The 40-year study was controversial for reasons related to ethical standards, primarily because researchers knowingly failed to treat patients appropriately after the 1940s validation of penicillin as an effective cure for the disease they were studying. Revelation in 1972 of study failures by a whistleblower led to major changes in U.S. law and regulation on the protection of participants in clinical studies. Now studies require informed consent  communication of diagnosis, and accurate reporting of test results.
By 1947, penicillin had become the standard treatment for syphilis. Choices available to the doctors involved in the study might have included treating all syphilitic subjects and closing the study, or splitting off a control group for testing with penicillin. Instead, the Tuskegee scientists continued the study without treating any participants; they withheld penicillin and information about it from the patients. In addition, scientists prevented participants from accessing syphilis treatment programs available to other residents in the area. The study continued, under numerous US Public Health Service supervisors, until 1972, when a leak to the press resulted in its termination on November 16 of that year. The victims of the study included numerous men who died of syphilis, 40 wives who contracted the disease, and 19 children born with congenital syphilis.
The Tuskegee Syphilis Study, cited as "arguably the most infamous biomedical research study in U.S. history", led to the 1979 Belmont Report and the establishment of the Office for Human Research Protections (OHRP). It also led to federal laws and regulations requiring Institutional Review Boards for the protection of human subjects in studies involving human subjects. The Office for Human Research Protections (OHRP) manages this responsibility within the US Department of Health and Human Services (HHS).
For the most part, doctors and civil servants simply did their jobs. Some merely followed orders, others worked for the glory of science.—John Heller, Director of the Public Health Service's Division of Venereal Diseases
The venereal disease section of the U.S. Public Health Service (PHS) formed a study group in 1932 at its national headquarters. Taliaferro Clark was credited with its origin. His initial goal was to follow untreated syphilis in a group of black men for 6 to 9 months, and then follow up with a treatment phase. When he understood the intention of other study members to use deceptive practices, Clark disagreed with the plan to conduct an extended study.[clarification needed] He retired the year after the study began.

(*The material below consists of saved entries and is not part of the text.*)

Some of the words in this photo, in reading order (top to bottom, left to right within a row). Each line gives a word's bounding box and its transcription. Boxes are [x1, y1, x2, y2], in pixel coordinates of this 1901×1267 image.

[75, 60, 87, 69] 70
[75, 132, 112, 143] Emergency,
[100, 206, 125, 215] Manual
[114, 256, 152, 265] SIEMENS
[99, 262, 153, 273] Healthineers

Representing the PHS, Clark had solicited the participation of the Tuskegee Institute (a well-known historically black college in Alabama, now known as Tuskegee University) and also the Arkansas regional Public Health Service office. Eugene Heriot Dibble, Jr., an African-American doctor, was head of the John Andrew Hospital at the Tuskegee Institute. (From 1936-1946, he served as director of the Tuskegee Veterans Administration Medical Center, established in 1923 in the city by the federal government on land donated by the Institute.)
Oliver C. Wenger was the white director of the regional PHS Venereal Disease Clinic in Hot Springs, Arkansas. He and his staff took the lead in developing study procedures. Wenger and his staff played a critical role in developing early study protocols. Wenger continued to advise and assist the Tuskegee Study when it was adapted as a long-term, no-treatment observational study after funding for treatment was lost.

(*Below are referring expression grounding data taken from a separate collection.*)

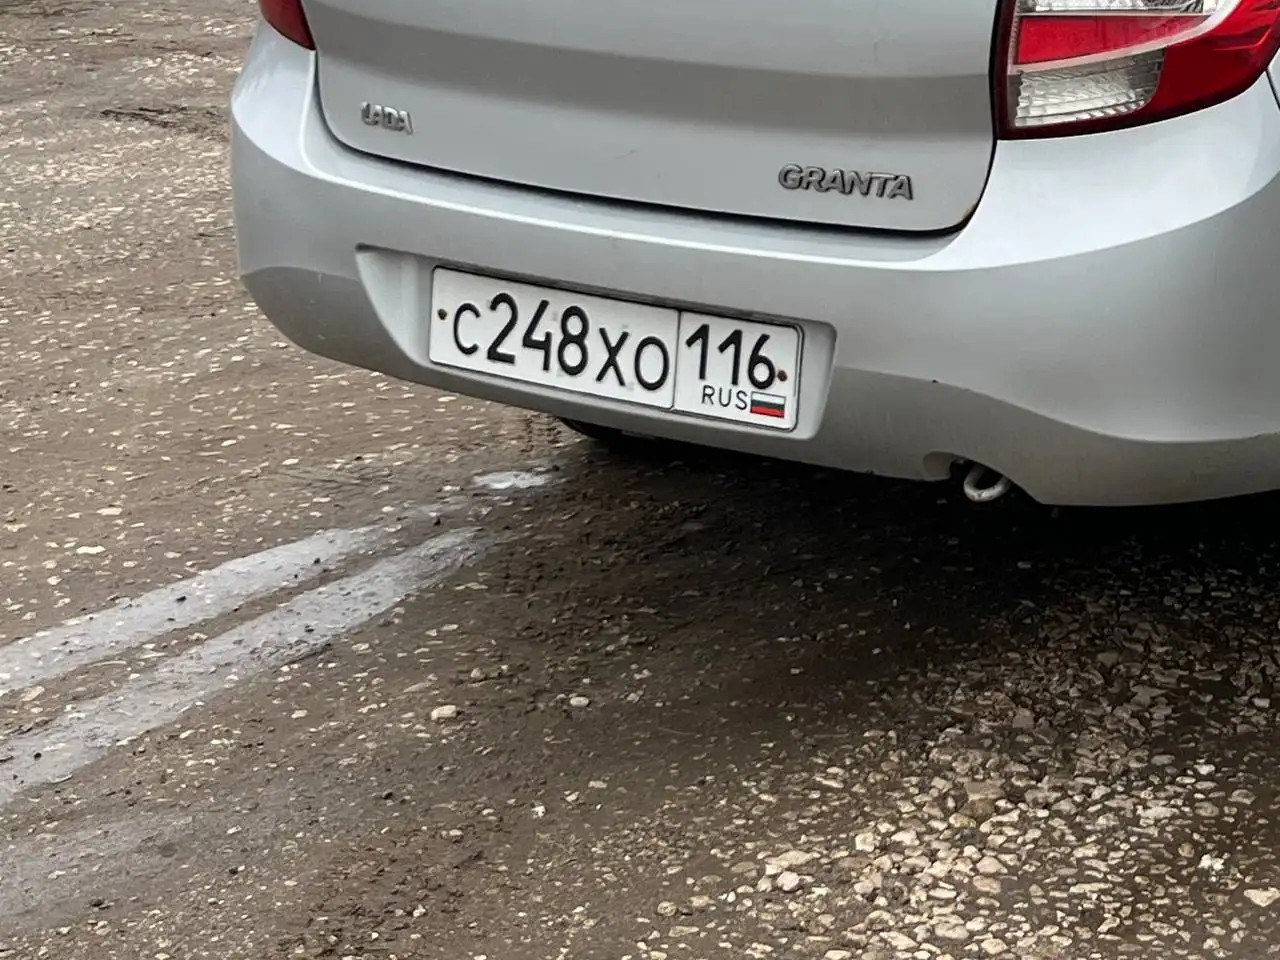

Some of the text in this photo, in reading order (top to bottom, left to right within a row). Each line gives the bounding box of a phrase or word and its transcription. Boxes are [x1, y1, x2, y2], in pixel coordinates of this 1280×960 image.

[361, 101, 414, 136] LADA
[778, 163, 913, 200] GRANTA
[702, 385, 748, 411] RUS
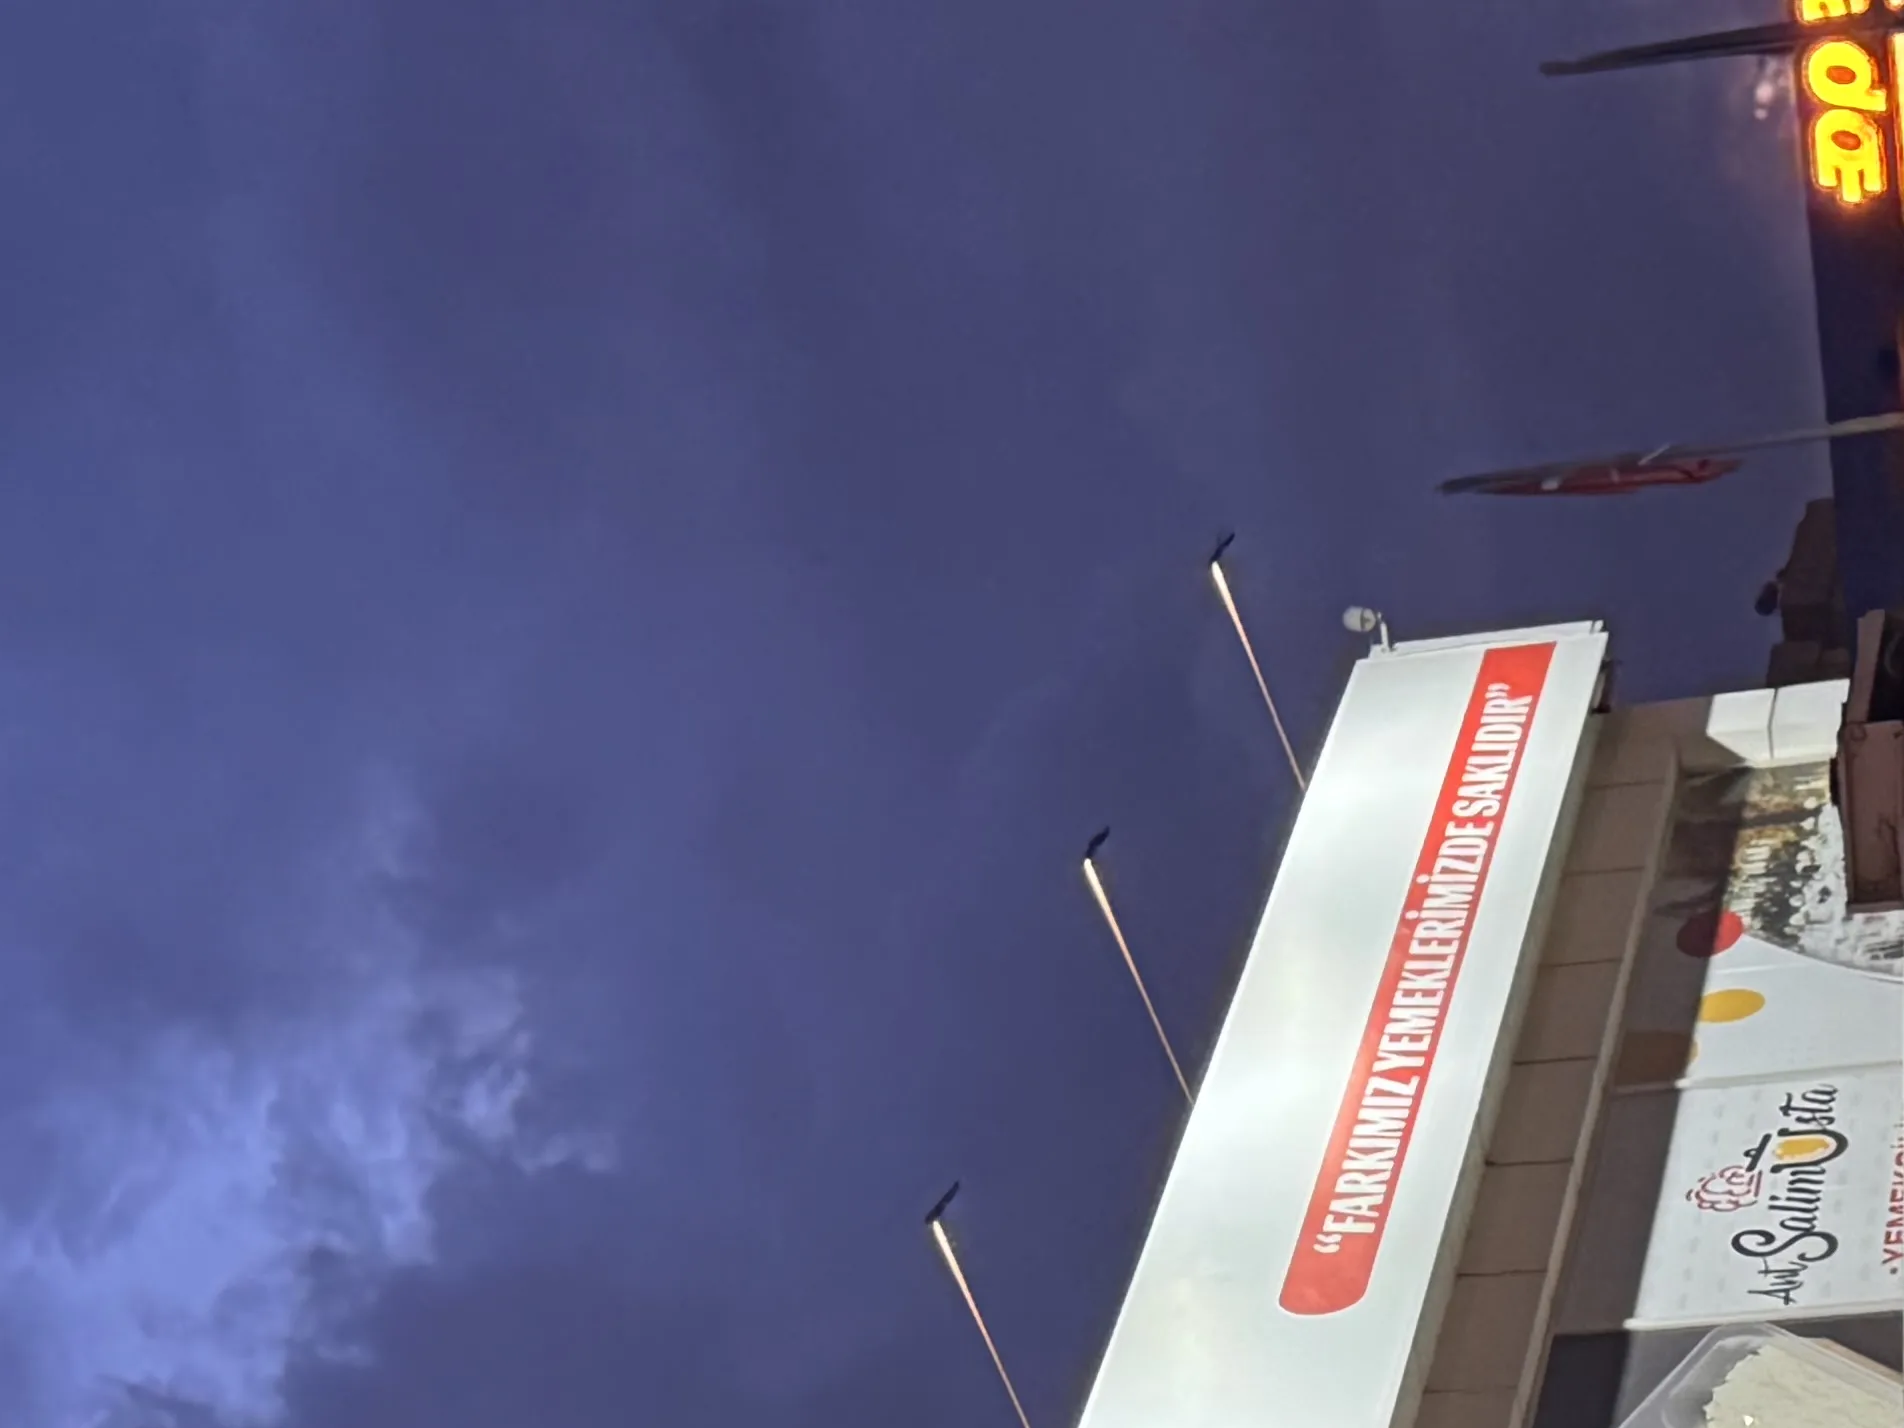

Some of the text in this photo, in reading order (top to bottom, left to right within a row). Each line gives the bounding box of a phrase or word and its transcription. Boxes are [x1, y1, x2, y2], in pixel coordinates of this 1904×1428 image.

[1371, 821, 1493, 1072] YEMEKLERİMİZDE
[1731, 1084, 1848, 1306] Ant Salim Usta

Raymond A. Vonderlehr was appointed on-site director of the research program and developed the policies that shaped the long-term follow-up section of the project. His method of gaining the "consent" of the subjects for spinal taps (to look for signs of neurosyphilis) was by portraying this diagnostic test as a "special free treatment". Participants were not told their diagnosis. Vonderlehr retired as head of the venereal disease section in 1943, shortly after the antibiotic penicillin had first been shown to be a cure for syphilis.
Several African American health workers and educators associated with Tuskegee Institute helped the PHS to carry out its experimentation and played a critical role in the progress of the study. The extent to which they knew about the full scope of the study is not clear in all cases. Dr. Robert Russa Moton, then president of Tuskegee Institute, and Dr. Eugene Dibble, head of the Institute's John Andrews Hospital, both lent their endorsement and institutional resources to the government study. Registered Nurse Eunice Rivers, who had trained at Tuskegee Institute and worked at its affiliated John Andrew Hospital, was recruited at the start of the study to be the main contact with the participants in the study.
Vonderlehr advocated Nurse Rivers' participation, as the direct link to the regional African-American community. During the Great Depression of the 1930s, the Tuskegee Study recruited poor lower-class African Americans, who often could not afford health care, by offering them the chance to join "Miss Rivers' Lodge". Patients were told they would receive free physical examinations at Tuskegee University, free rides to and from the clinic, hot meals on examination days, and free treatment for minor ailments.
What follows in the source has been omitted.